[Collected data]
——
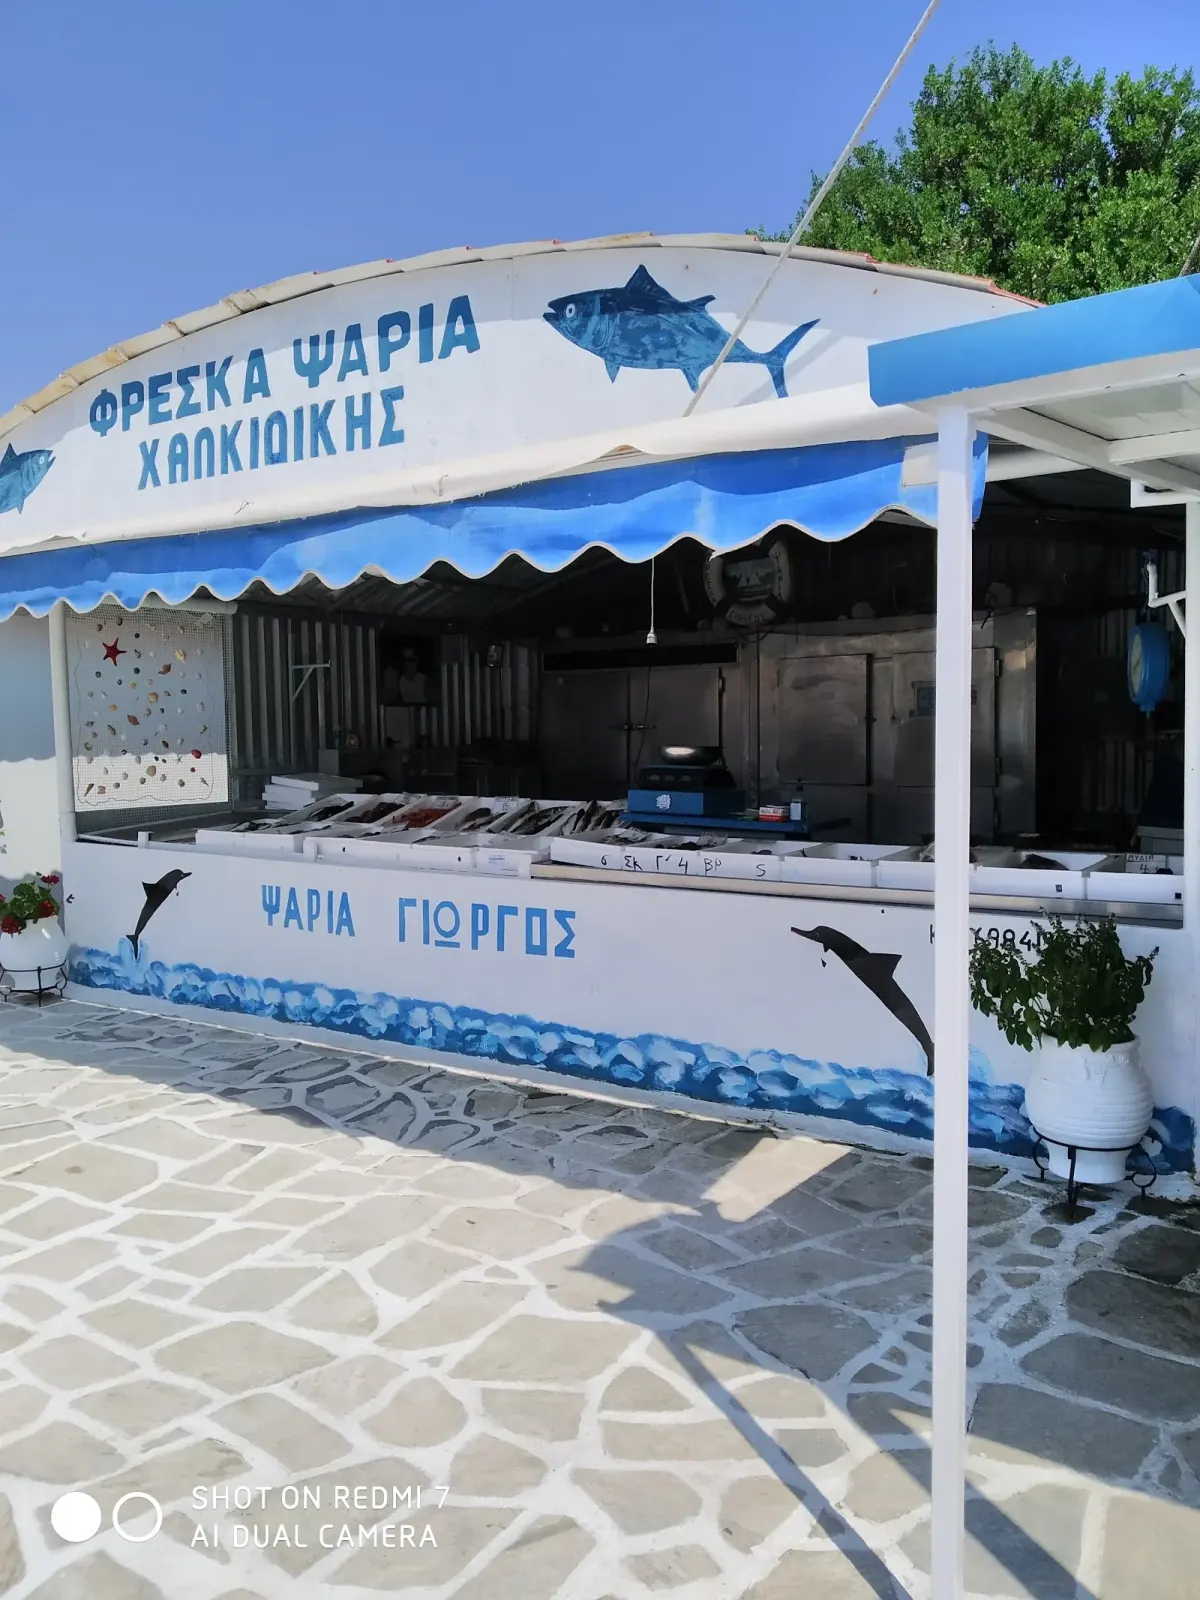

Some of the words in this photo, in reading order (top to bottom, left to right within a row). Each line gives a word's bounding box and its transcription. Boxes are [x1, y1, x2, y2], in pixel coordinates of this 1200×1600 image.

[89, 348, 271, 437] ΦΡΕΣΚΑ
[293, 295, 480, 388] ΨΑΡΙΑ
[261, 885, 356, 937] ΨΑΡΙΑ
[398, 897, 576, 958] ΓΙΩΡΓΟΣ
——
_TASK BRIEF_:
Output every entry exactly, leaving out pictures.

_EXERCISE RESPONSE_:
Some of the words in this photo, in reading order (top to bottom, left to right within a row). Each line gives a word's bounding box and its transcription. Boxes are [x1, y1, x2, y2], in pixel coordinates of this 1200×1600 image.

[89, 348, 271, 437] ΦΡΕΣΚΑ
[293, 295, 480, 388] ΨΑΡΙΑ
[261, 885, 356, 937] ΨΑΡΙΑ
[398, 897, 576, 958] ΓΙΩΡΓΟΣ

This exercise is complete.